Forbes Secretaries was nominated to be Secretary on 5 January 1994, but the nomination was withdrawn on 13 January 1994, eight days later. The company secretary was headmaster Nicholas Kaye from 13 January 1994 to 11 November 2025, when Lucy Anne Maunder, the school bursar, became secretary.

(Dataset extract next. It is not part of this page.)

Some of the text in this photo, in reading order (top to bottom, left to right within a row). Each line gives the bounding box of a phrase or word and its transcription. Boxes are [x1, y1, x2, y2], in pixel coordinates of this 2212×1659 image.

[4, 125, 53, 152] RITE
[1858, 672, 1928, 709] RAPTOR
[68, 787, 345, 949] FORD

The position is not to be confused with School Secretary.

There are no registered persons with significant responsibility (PSRs).

==Notable former pupils==

Former pupils are known as Old Cadogans, named after the square on which the school is located (Cadogan Square).

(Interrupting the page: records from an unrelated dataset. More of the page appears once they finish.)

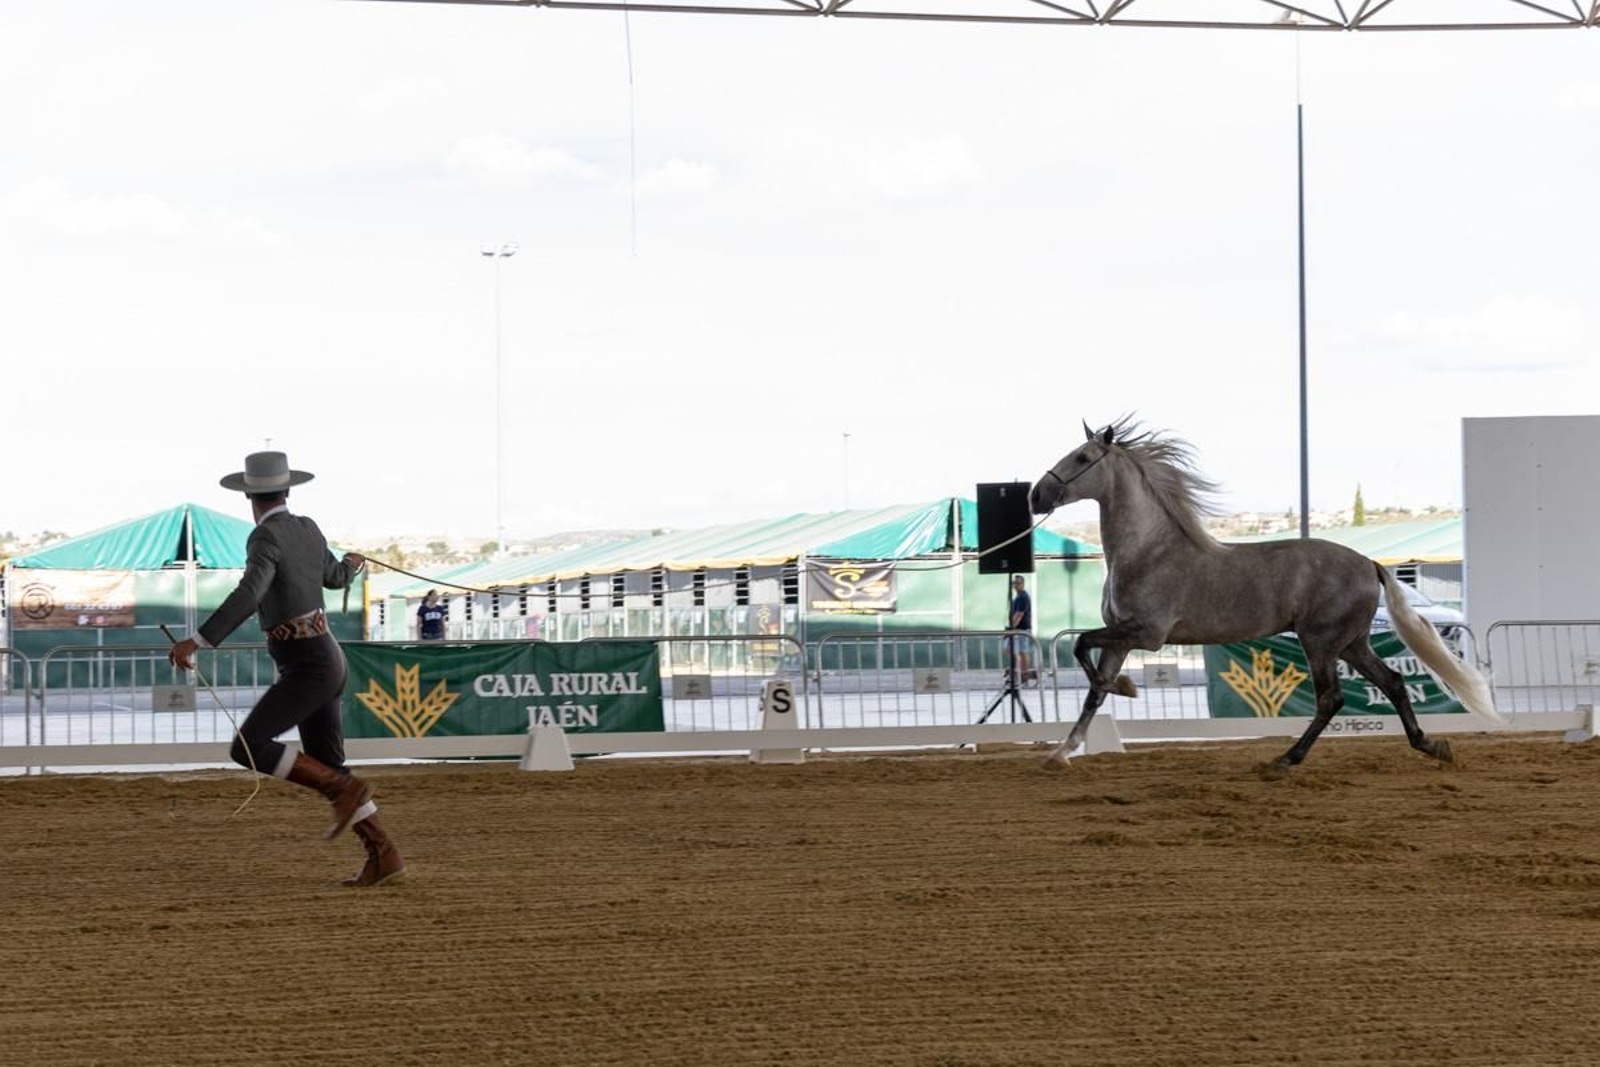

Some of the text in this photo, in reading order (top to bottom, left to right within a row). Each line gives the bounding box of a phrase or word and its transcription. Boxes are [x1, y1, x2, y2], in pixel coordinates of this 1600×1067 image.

[473, 672, 648, 698] CAJA RURAL
[1362, 683, 1426, 707] JAN
[772, 688, 791, 714] S
[526, 701, 598, 730] JAÉN
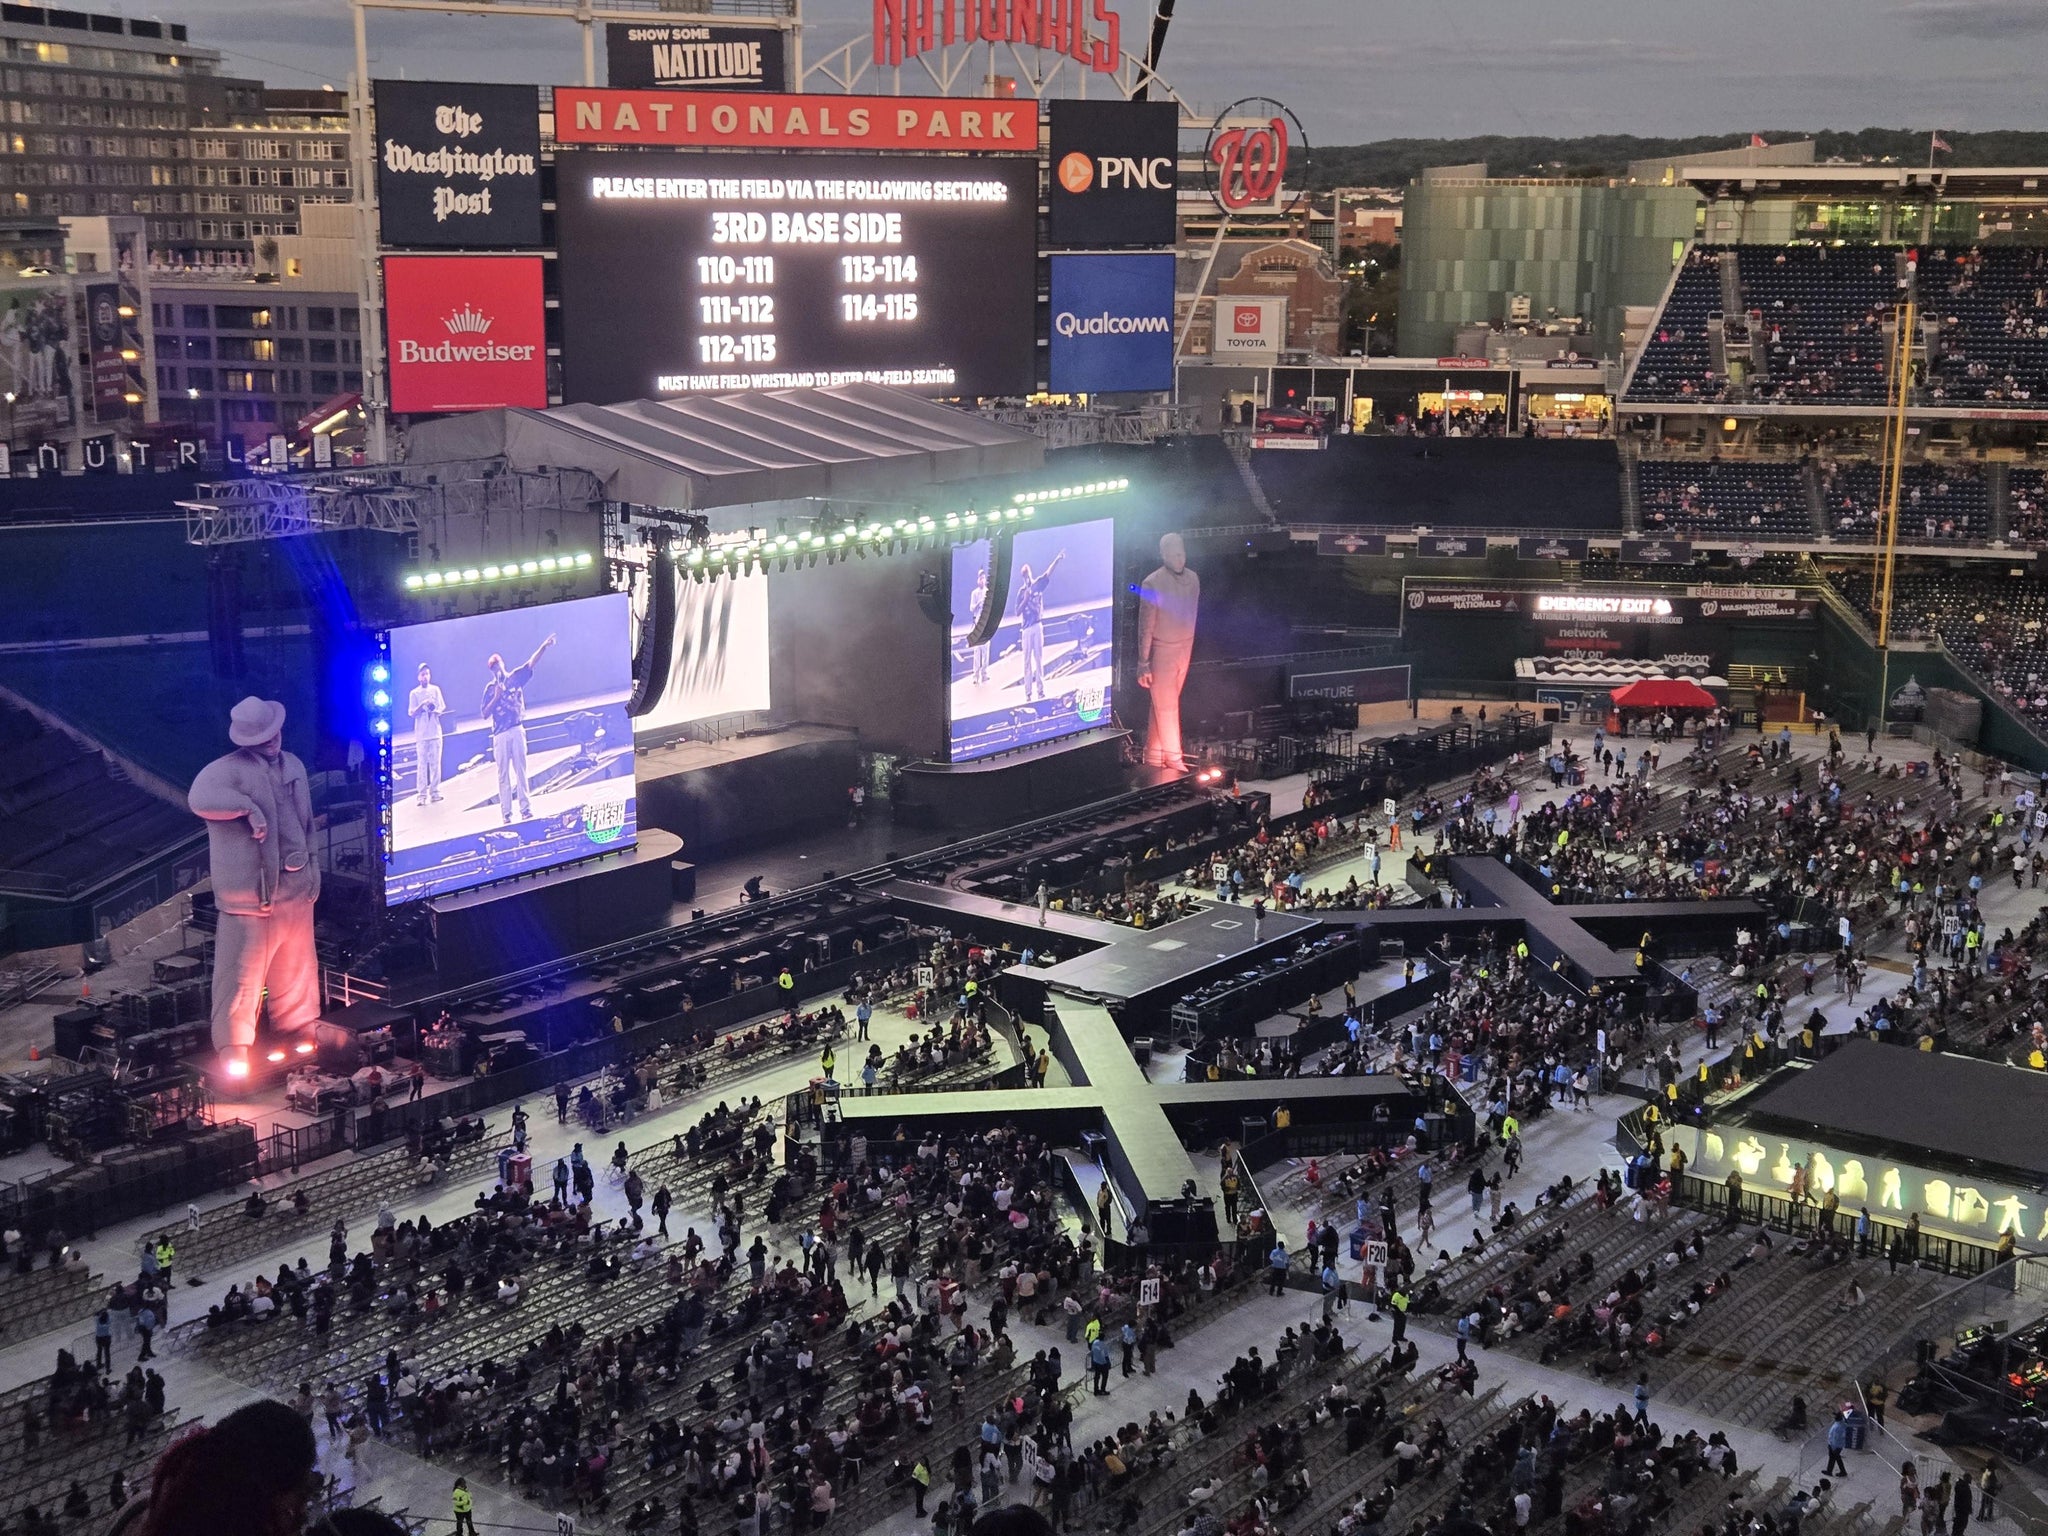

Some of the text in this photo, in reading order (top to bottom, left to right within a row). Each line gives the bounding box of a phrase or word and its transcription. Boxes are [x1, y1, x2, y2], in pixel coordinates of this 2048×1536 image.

- Martin T. Barlow, Professor of Mathematics at the University of British Columbia
- Jasper Britton, actor
- (Edward) Charles Cadogan, 9th Earl Cadogan.
- Giles Chichester, chairman of Francis Chichester Ltd and former Member and Vice-President and Member (for South West England and Gibraltar) of the European Parliament.
- Michael Csanyi-Wills, composer of works including A Cadogan Psalm.
- Armand D'Angour, author and Fellow in Classics at Jesus College, Oxford, Socrates in Love: The Making of a Philosopher (2019)
- Aubrey de Grey, biomedical gerontologist
- Peter Dubens, internet entrepreneur and investor, founder of Oakley Capital
- Thomas Galbraith, 2nd Baron Strathclyde, Leader of the House of Lords (2010–2013)
- Dean Godson, former leader writer of The Daily Telegraph
- Jason Goodwin, author and historian, The Janissary Tree (2006)
- Tarquin Hall, author, travel writer and journalist
- Thomas Hardinge, 8th Viscount Hardinge
- Sebastian James, CEO of Veonet and former CEO of Boots (company), and Dixons Carphone, now Currys.
- Rowan Joffé, screenwriter and director, Brighton Rock (2010) and Before I Go to Sleep (2014)
- Robin Le Mesurier, guitarist
- David Litman, American entrepreneur
- Richard Mason, novelist, The Drowning People (1999), “History of a Pleasure Seeker”
- Alexander McDonnell, Viscount Dunluce.
- Daniel Radcliffe, actor
- Benedict Noakes, later known as Benedict Rattigan, director of the Schweitzer Institute for Environmental Ethics.
- Edward St Aubyn, novelist known for the Patrick Melrose series
- David Szalay, novelist
- Matthew Vaughn, filmmaker
- Charles Walker (British politician) KBE, former senior British backbench MP, three-time parliamentary committee chair and Independent Parliamentary Standards Authority Board Member.
- Lord Nicholas Windsor.
- Andrew Wolstenholme OBE FREng, civil engineer, former Chief Executive of Crossrail

Parents include the politicians Jeremy Hunt, Rory Stewart, Sir Tam Galbraith, KBE MP, Karan Bilimoria, Baron Bilimoria, Charles Cadogan, 8th Earl Cadogan, KBE, and Mark Cubitt, 5th Baron Ashcombe, the royals Prince Edward, Duke of Kent, Katharine, Duchess of Kent, Alexander Windsor, Earl of Ulster, Claire, Countess of Ulster, Lord Nicholas Windsor, and Lady Nicholas Windsor, and the aristocrats the Dowager Duchess of St Albans and Randal Alexander McDonnell, 10th Earl of Antrim, and the sailor Francis Chichester.